In its final recommendations, the report suggests that the Special Prosecutor for Crimes against Freedom of Expression (Feadle) assert its jurisdiction and reopen the investigation of the crime. And in that effort, it recommends, Martínez's profession should be included as a line of investigation of the crime. The Prosecutor's Office must also observe, according to the report, all the errors that exist in the Veracruz prosecutor’s office investigation and must guarantee the protection of witnesses.
The investigation also makes recommendations to the Attorney General of the Republic of Mexico. In these, it asks to investigate the disappearance of the other official suspect, "El Jarocho,” who is still missing.

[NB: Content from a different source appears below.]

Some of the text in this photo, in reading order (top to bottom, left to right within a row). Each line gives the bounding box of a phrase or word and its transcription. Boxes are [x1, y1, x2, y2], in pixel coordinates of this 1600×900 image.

For all this, the report asks the Mexican government to provide Feadle with all the necessary resources.
LJR attempted to contact the Attorney General of the State of Veracruz and of the federal government, but received no response as of publication time.
Jan-Albert Hootsen, CPJ representative in Mexico, told LJR that it is of "utmost importance" that cases like Martinez's are investigated and made visible. “We consider that impunity in crimes against the press in Mexico –above 90%– is the main factor that continues to encourage people who commit them ... We want the public not to forget cases like Regina's, because only through public opinion do we have the best tool to pressure the authorities.”

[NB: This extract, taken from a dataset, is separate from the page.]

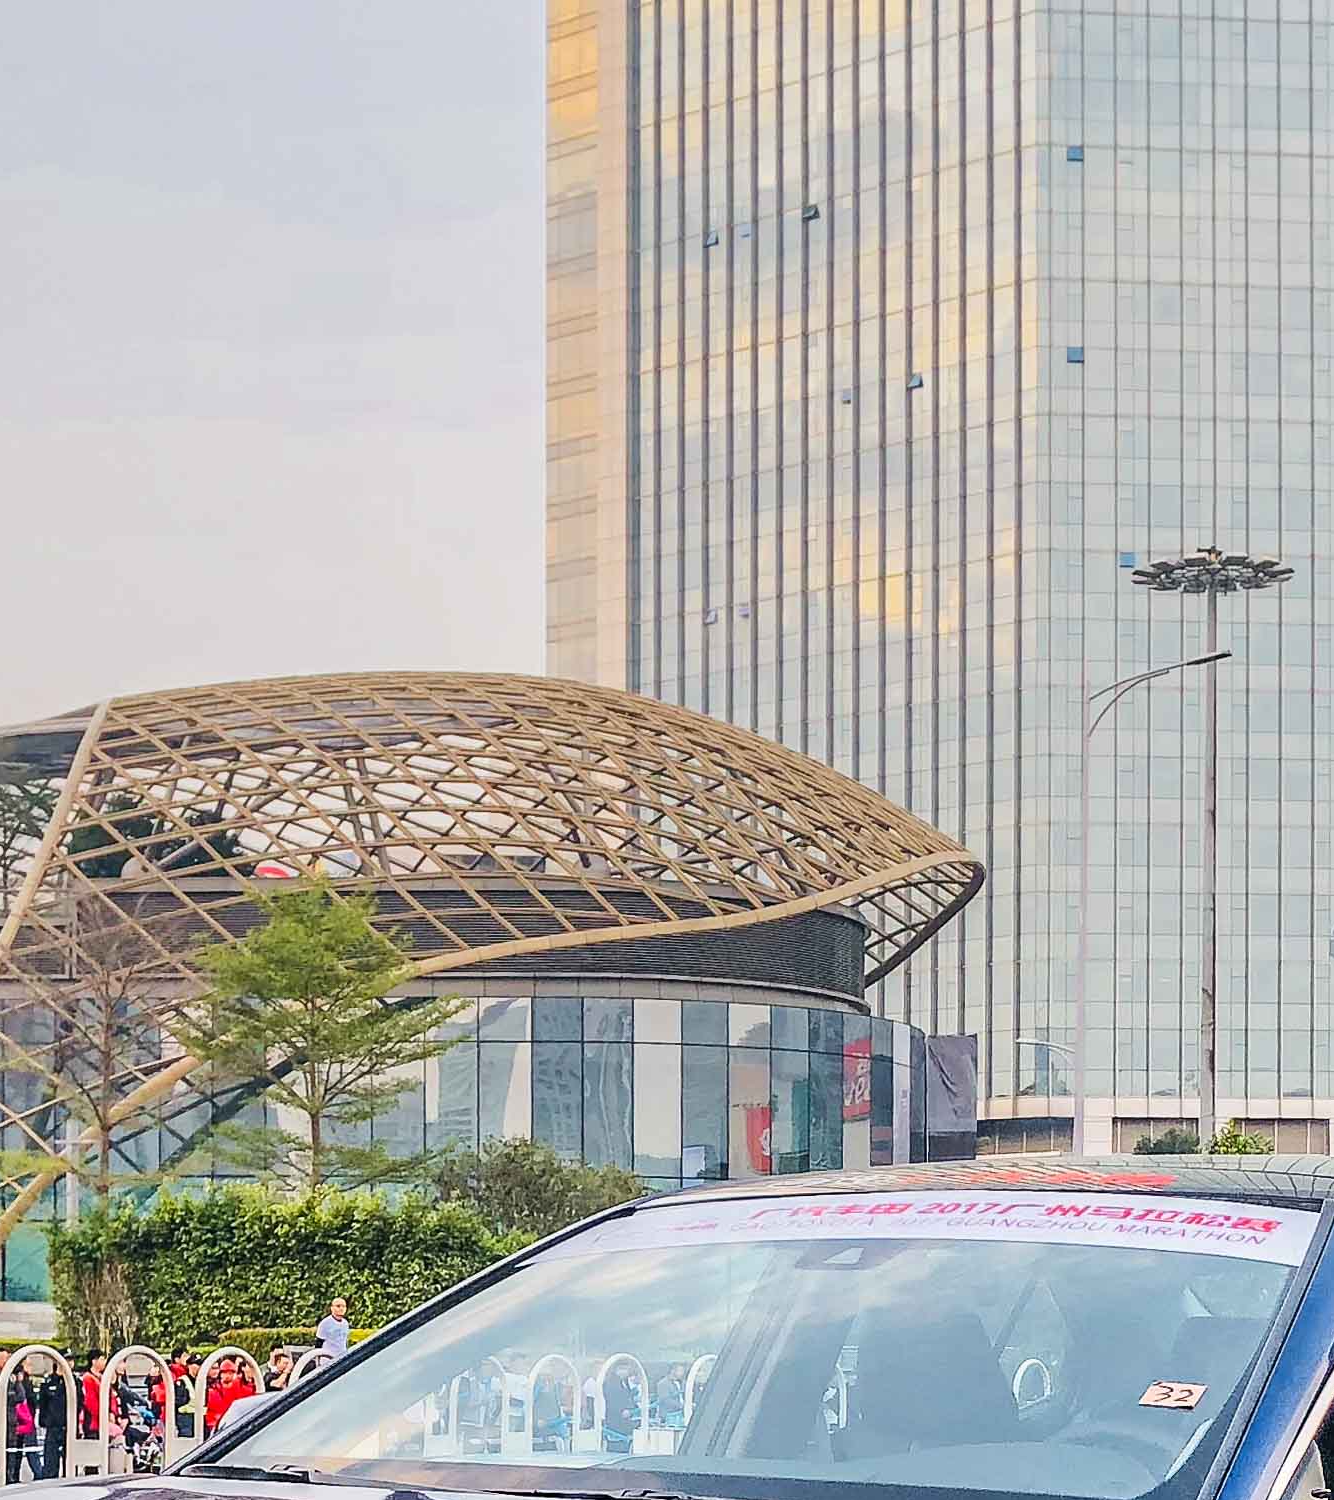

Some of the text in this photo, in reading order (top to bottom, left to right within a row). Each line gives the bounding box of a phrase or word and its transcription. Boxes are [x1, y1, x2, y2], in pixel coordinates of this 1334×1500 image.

[946, 1217, 1107, 1231] GUANGZHOU
[1114, 1223, 1266, 1245] MARATHON
[1153, 1384, 1194, 1402] 32

“Mexico has long been one of the most dangerous places for journalists to work,” said Joel Simon, executive director of CPJ, in a release from the organization. “Reopening the case of Regina Martínez is an important step to doing just that.”
“Regina Martínez was a brave journalist, who died for telling the truth. Her murder must be resolved and justice must be achieved,” said Christophe Delloire, secretary general of RSF.
In December 2020, the international collaborative journalism network Forbidden Stories published – in a collective effort with 25 other media outlets around the world – an investigative series on murders of journalists, “The Cartel Project,” which began with Martínez’s case.
Mexico's Organized Crime and Corruption Reporting Project (OCCRP) and Proceso magazine were the organizations that participated the most in this first case in the series, for obvious reasons.
For its part, OCCRP has continued its investigation project into the murder of Martínez, but it is still under development.
Mexico continues to be one of the deadliest countries for journalism in Latin America and the world. According to CPJ, 21 journalists alone have died between 2011 and 2020 in Veracruz.